Jérusalem continue de redessiner son avenir en partant des fondations mêmes de la ville. Là où, pendant des décennies, fonctionnait un dépôt de bus purement opérationnel, pensé pour le mouvement et non pour la vie urbaine, se profile aujourd’hui l’un des projets de transformation les plus audacieux portés par la capitale ces dix dernières années. Le complexe du dépôt Egged, dans le quartier de Talpiot, à l’intersection de la rue Moshe Baram et de la route d’Hébron, est appelé à devenir un quartier urbain intensif mêlant logements, emplois, commerces, culture et transports publics à l’échelle métropolitaine.

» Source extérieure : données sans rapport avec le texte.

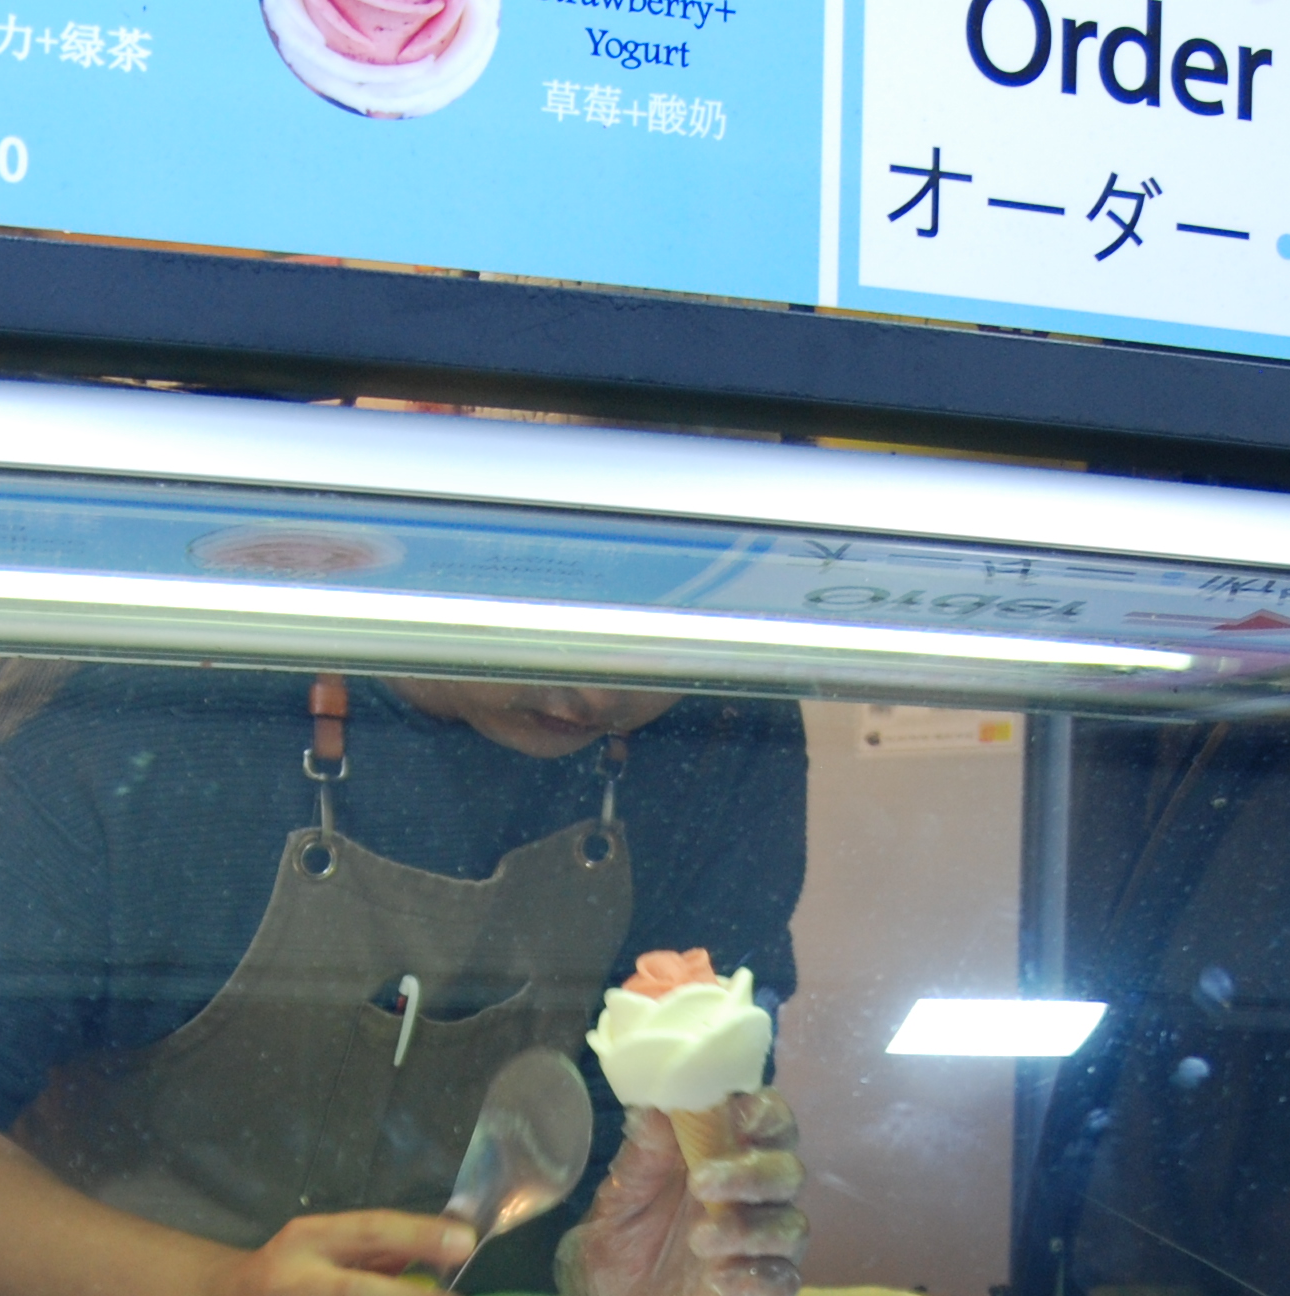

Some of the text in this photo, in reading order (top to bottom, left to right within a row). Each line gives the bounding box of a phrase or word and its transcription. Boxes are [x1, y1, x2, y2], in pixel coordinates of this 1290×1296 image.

[585, 27, 690, 70] Yogurt
[965, 0, 1273, 122] Order
[541, 79, 727, 141] 草莓+酸奶

La commission locale de planification et de construction a recommandé le dépôt officiel du plan, promu par la municipalité de Jérusalem en partenariat avec Eden, la société municipale de développement économique. Aux yeux des urbanistes, le site constitue une pièce stratégique dans le renouvellement de Talpiot et dans la poursuite de la densification et de la construction en hauteur dans le sud de la ville. Il ne s’agit plus d’une zone industrielle isolée, mais d’un tissu urbain actif, structuré autour de trois lignes de tramway projetées, bleue, violette et turquoise, et relié directement à des axes majeurs tels que la route d’Hébron, Pierre Koenig et Yad Harutsim.

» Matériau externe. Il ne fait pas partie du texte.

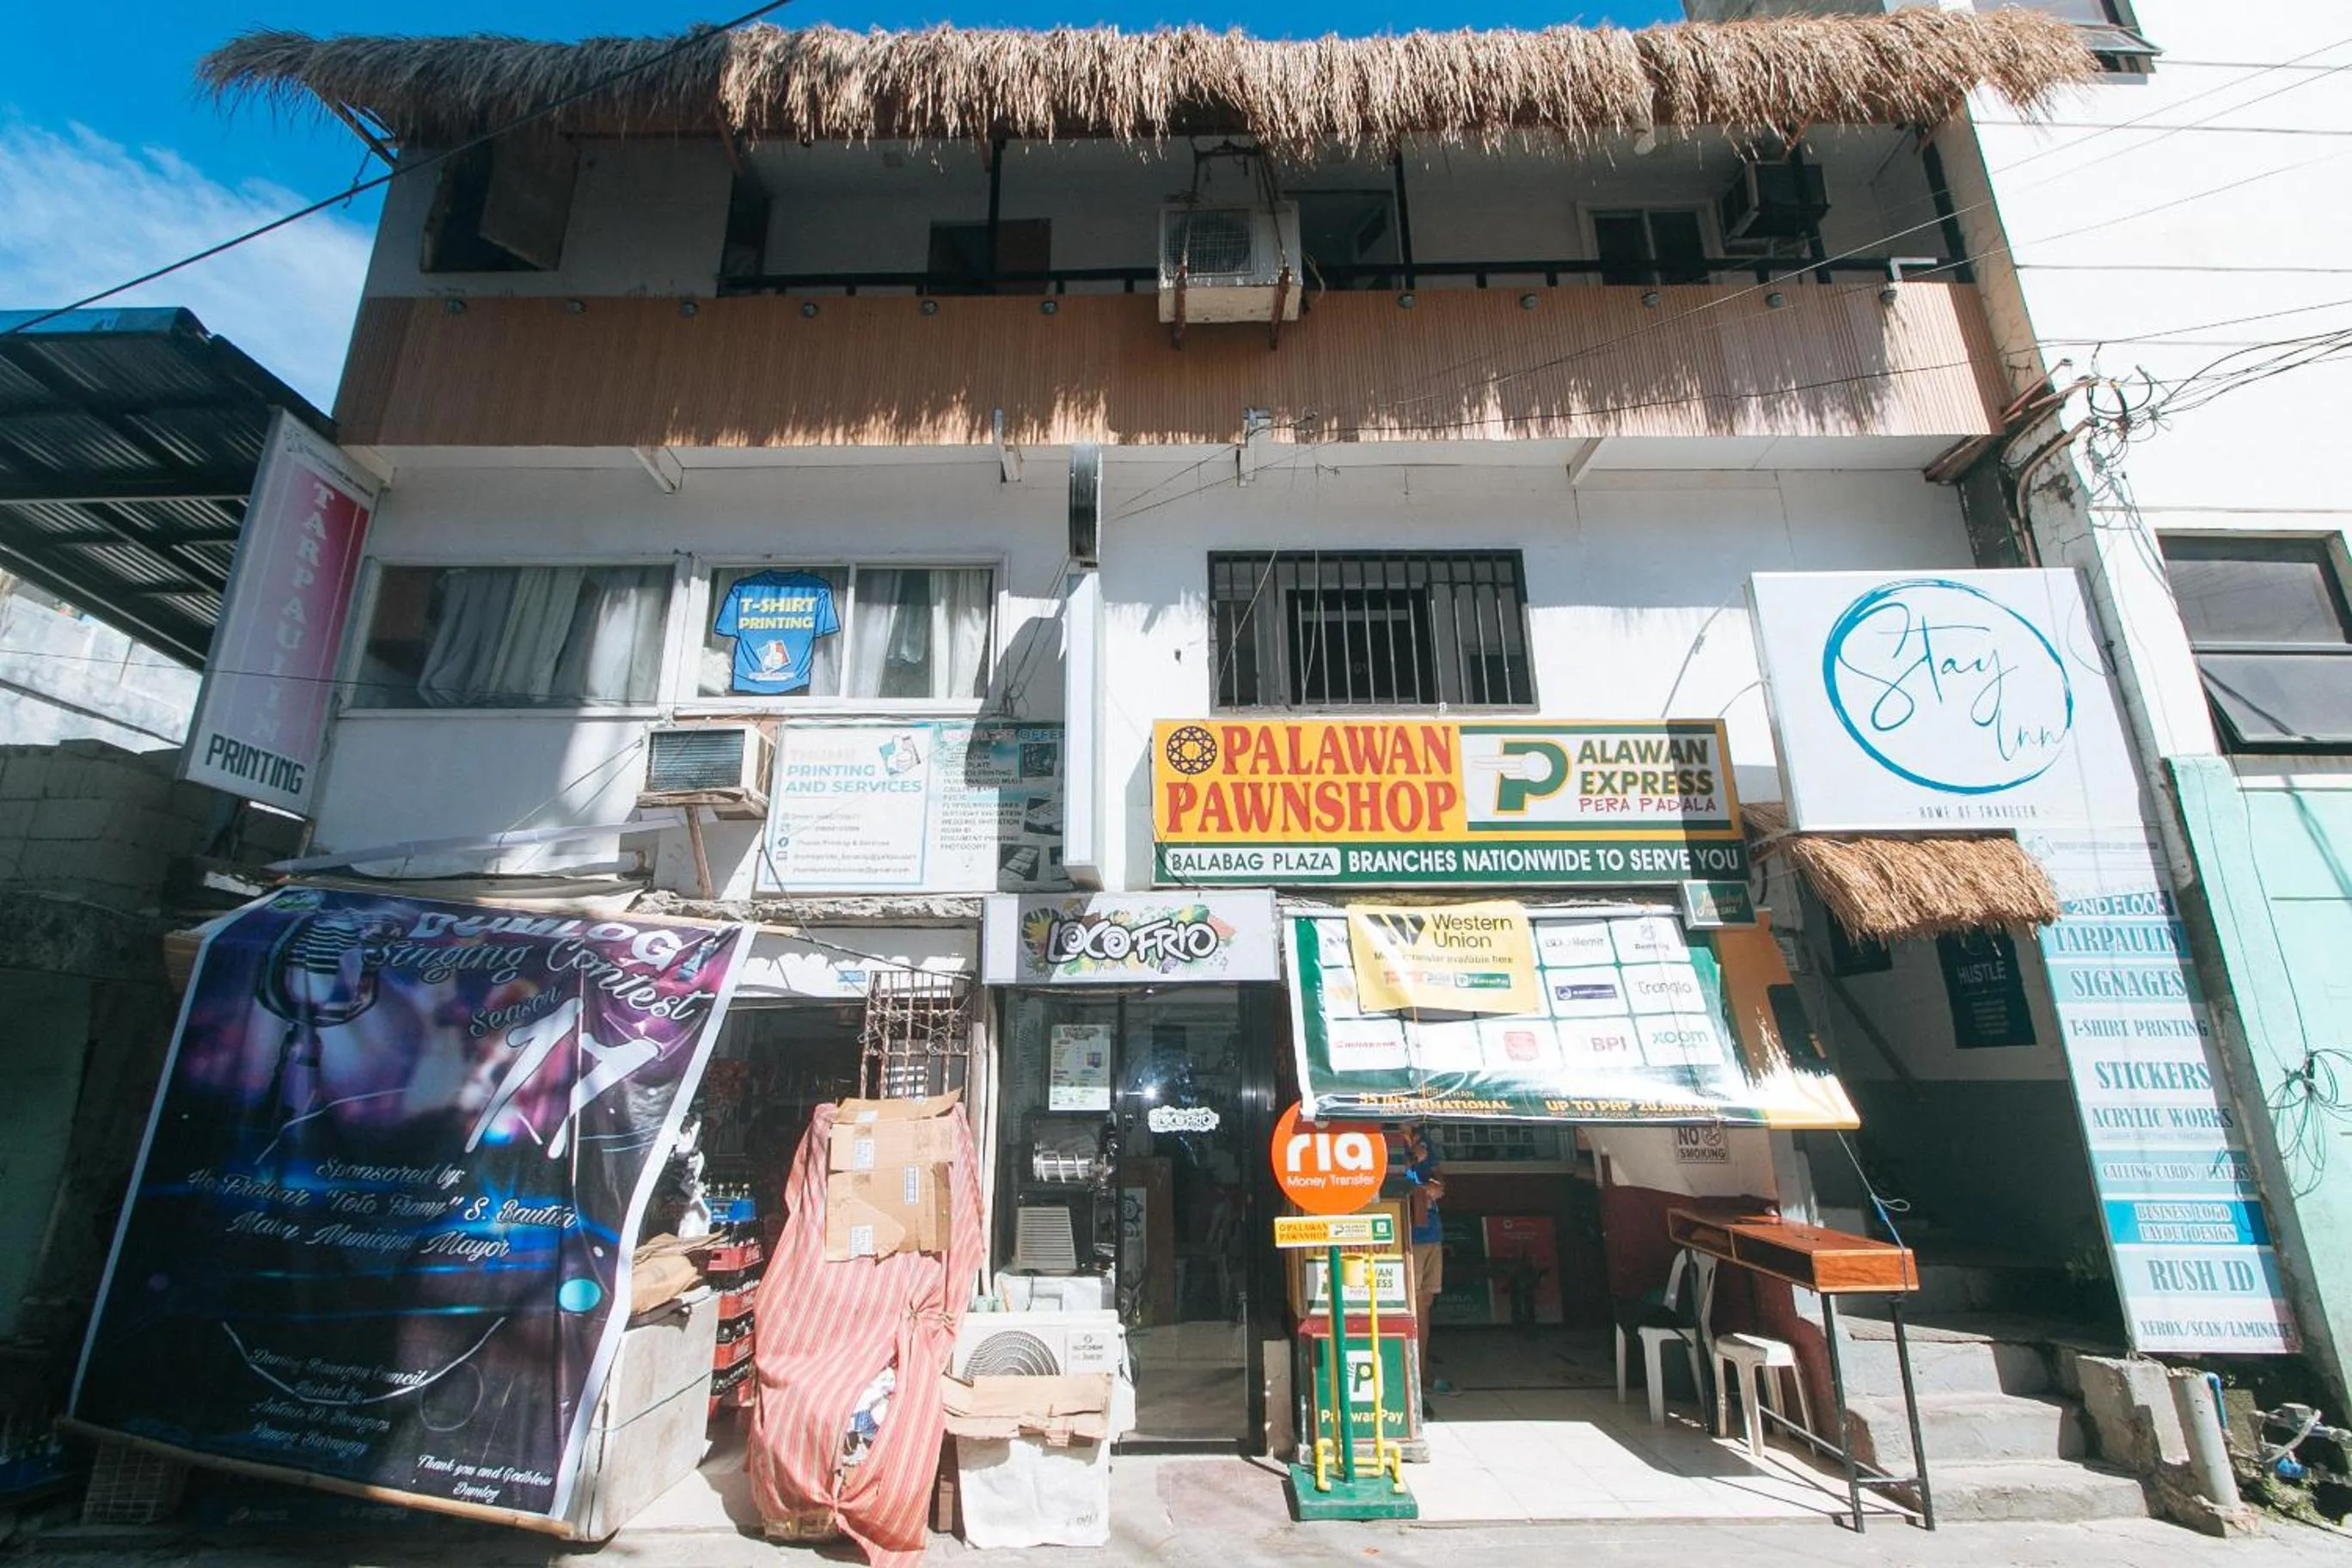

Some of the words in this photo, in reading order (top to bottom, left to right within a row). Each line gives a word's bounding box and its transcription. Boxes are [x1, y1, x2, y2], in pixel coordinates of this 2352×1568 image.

[740, 597, 817, 613] T-SHIRT
[738, 616, 815, 629] PRINTING
[1836, 602, 2018, 732] Stay
[1221, 725, 1454, 775] PALAWAN
[1577, 738, 1708, 765] ALAWAN
[205, 732, 307, 794] PRINTING
[787, 764, 875, 777] PRINTING
[786, 780, 826, 793] AND
[831, 780, 922, 793] SERVICES
[1580, 769, 1715, 796] EXPRESS
[1166, 780, 1458, 833] PAWNSHOP
[1578, 797, 1631, 813] PERA
[1639, 797, 1717, 812] PADALA
[1172, 851, 1264, 872] BALABAG
[1272, 851, 1334, 872] PLAZA
[1348, 850, 1456, 873] BRANCHES
[1463, 849, 1592, 873] NATIONWIDE
[1596, 849, 1627, 872] TO
[1631, 848, 1691, 871] SERVE
[1694, 848, 1739, 870] YOU
[1430, 913, 1513, 931] Western
[1433, 930, 1492, 949] Union
[2050, 926, 2181, 952] TARPAULIN
[374, 940, 538, 984] Singing
[546, 937, 715, 1020] Contest
[1957, 960, 2007, 984] HUSTLE
[2070, 969, 2187, 996] SIGNAGES
[469, 986, 561, 1038] Season
[2069, 1019, 2130, 1037] T-SHIRT
[2133, 1019, 2208, 1037] PRINTING
[1590, 1035, 1627, 1051] BPI
[2093, 1060, 2213, 1090] STICKERS
[1545, 1099, 1570, 1112] UP
[1570, 1099, 1596, 1112] TO
[1599, 1099, 1632, 1112] PHP
[2090, 1106, 2165, 1129] ACRYLIC
[2168, 1105, 2235, 1128] WORKS
[1677, 1127, 1699, 1146] NO
[1286, 1131, 1375, 1172] ria
[1679, 1148, 1727, 1160] SMOKING
[315, 1156, 434, 1185] Sponsored
[1286, 1175, 1326, 1189] Money
[1330, 1174, 1375, 1186] Transfer
[419, 1229, 512, 1262] Mayor
[2147, 1259, 2219, 1291] RUSH
[2222, 1259, 2256, 1291] ID
[417, 1454, 456, 1472] Thank
[452, 1463, 476, 1477] you
[476, 1466, 505, 1479] and

Comment le projet du dépôt Egged à Talpiot redessine-t-il la carte urbaine de Jérusalem ?
Le plan couvre environ 73 dunams et prévoit la démolition du dépôt existant pour ériger à sa place un complexe urbain à usages mixtes. Selon le projet, huit tours résidentielles de 13 à 50 étages seront construites, reposant sur des socles actifs intégrant commerces et espaces de travail. Au total, près de 2 000 logements sont prévus, dont au moins 20 pour cent d’appartements compacts d’une superficie maximale de 80 mètres carrés, ainsi qu’environ 1 000 logements destinés à la location de longue durée pour une période minimale de 20 ans.
Outre le résidentiel, le plan comprend environ 60 000 mètres carrés de surfaces d’emploi dans un bâtiment distinct, quelque 9 200 mètres carrés de commerces, des espaces publics, des institutions éducatives et culturelles, ainsi que des équipements sportifs. Parmi eux figurent une piscine, avec la possibilité d’installer un terrain de football au-dessus, et une salle de basketball. Sous le niveau de la rue, de vastes parkings souterrains sont prévus, équipés d’infrastructures de recharge pour véhicules électriques, ainsi qu’un dépôt de bus souterrain d’environ 7 dunams, prolongeant la vocation de transport du site dans un cadre urbain contemporain.
L’espace public occupe une place centrale dans le concept du projet. Une place urbaine, des espaces ouverts paysagers, des cheminements piétons et cyclables, des aires de jeux, des zones végétalisées et des éléments aquatiques visent à créer des rues actives et animées. La priorité accordée aux transports publics et à la marche à pied s’inscrit dans une vision plus large de développement urbain durable.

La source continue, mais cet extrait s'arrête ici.